• _Task_: For every line in the material, output its text exactly and exclude any image it holds.

• _Data for analysis_:
━━━━
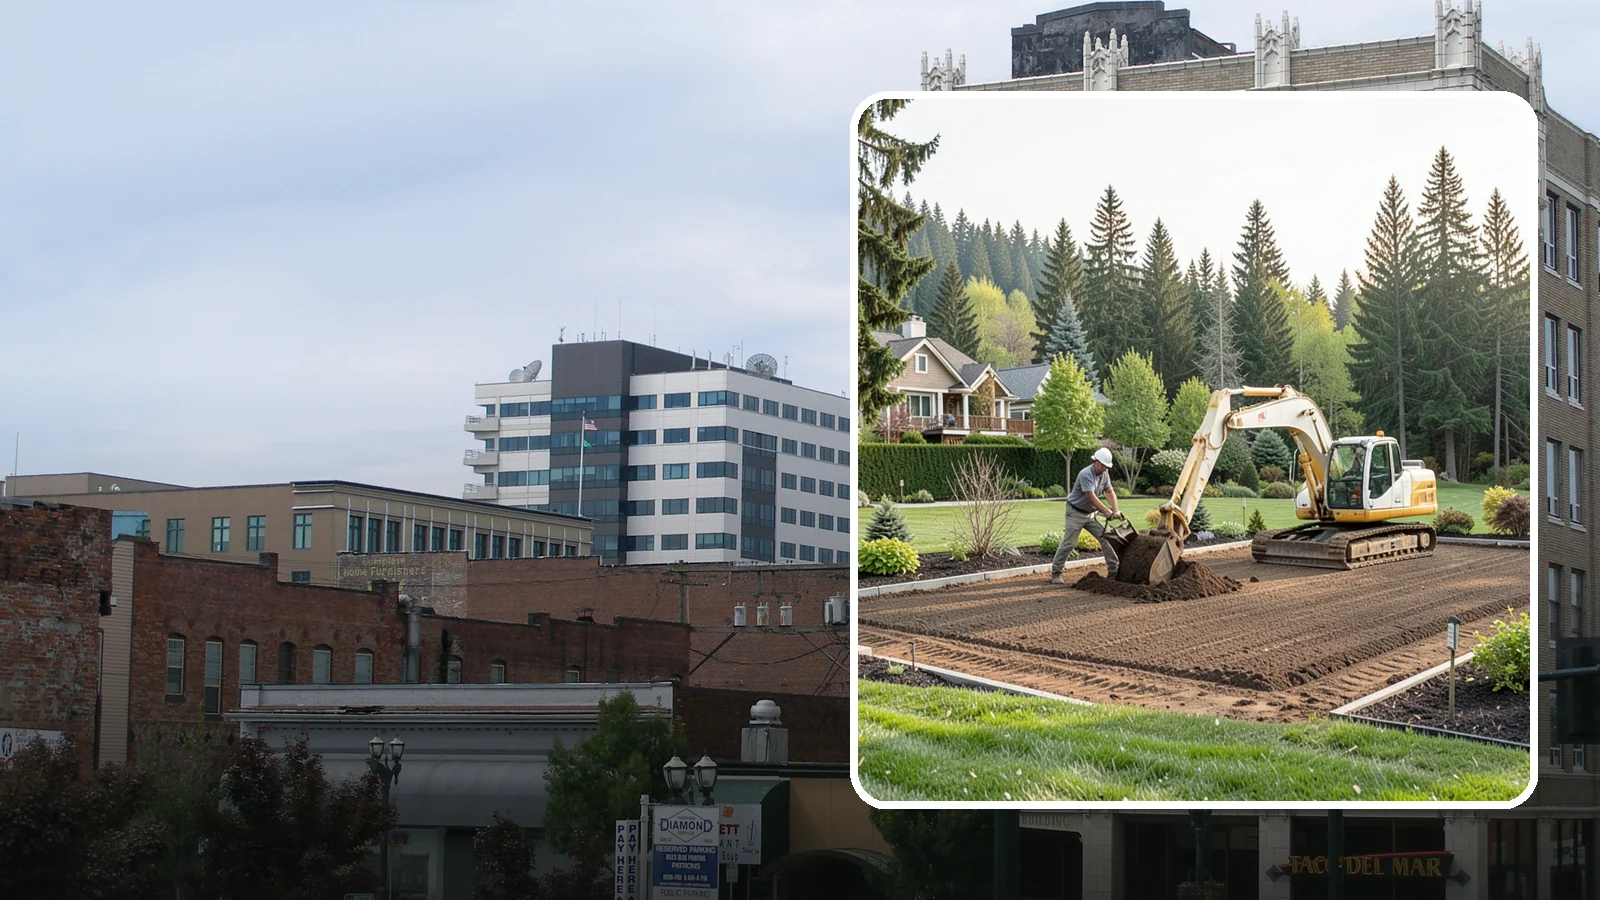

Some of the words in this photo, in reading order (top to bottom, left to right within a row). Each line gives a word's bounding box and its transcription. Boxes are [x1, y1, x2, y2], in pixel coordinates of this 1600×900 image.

[370, 566, 427, 576] Furnishers
[660, 818, 713, 832] DIAMOND
[1022, 815, 1070, 828] BUILDING
[719, 824, 740, 835] ETT
[617, 825, 625, 852] PAY
[629, 825, 637, 852] PAY
[689, 846, 716, 854] PARKING
[721, 851, 739, 862] Soup
[1346, 856, 1384, 875] DEL
[1392, 857, 1443, 877] MAR
[617, 856, 625, 894] HERE
[628, 856, 636, 894] HERE
[660, 889, 682, 897] PUBLIC
[684, 889, 710, 898] PARKING
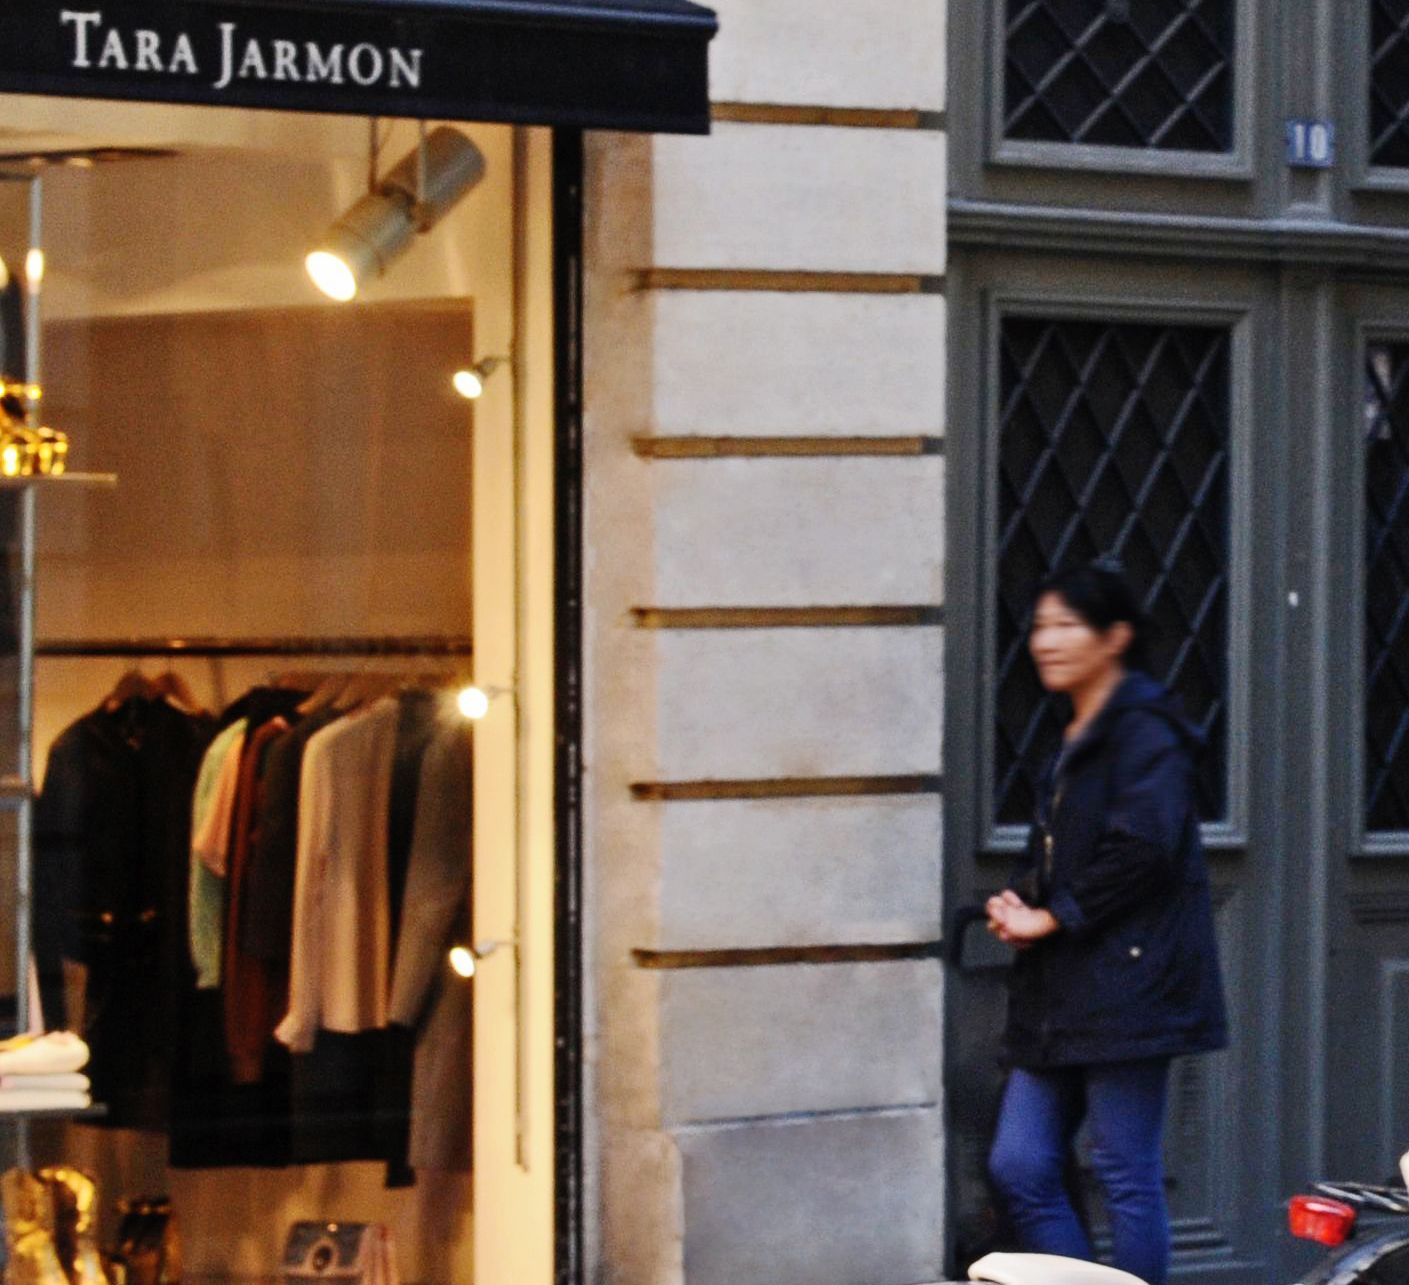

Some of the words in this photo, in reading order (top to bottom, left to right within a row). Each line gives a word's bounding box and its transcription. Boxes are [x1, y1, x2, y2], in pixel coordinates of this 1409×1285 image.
━━━━
• _Answer space_:
Some of the words in this photo, in reading order (top to bottom, left to right within a row). Each line gives a word's bounding box and its transcription. Boxes are [x1, y1, x2, y2], in pixel coordinates of this 1600×900 image.

[370, 566, 427, 576] Furnishers
[660, 818, 713, 832] DIAMOND
[1022, 815, 1070, 828] BUILDING
[719, 824, 740, 835] ETT
[617, 825, 625, 852] PAY
[629, 825, 637, 852] PAY
[689, 846, 716, 854] PARKING
[721, 851, 739, 862] Soup
[1346, 856, 1384, 875] DEL
[1392, 857, 1443, 877] MAR
[617, 856, 625, 894] HERE
[628, 856, 636, 894] HERE
[660, 889, 682, 897] PUBLIC
[684, 889, 710, 898] PARKING

Some of the words in this photo, in reading order (top to bottom, left to right within a row). Each line gives a word's bounding box and its transcription. Boxes are [x1, y1, x2, y2], in pixel coordinates of this 1409×1285 image.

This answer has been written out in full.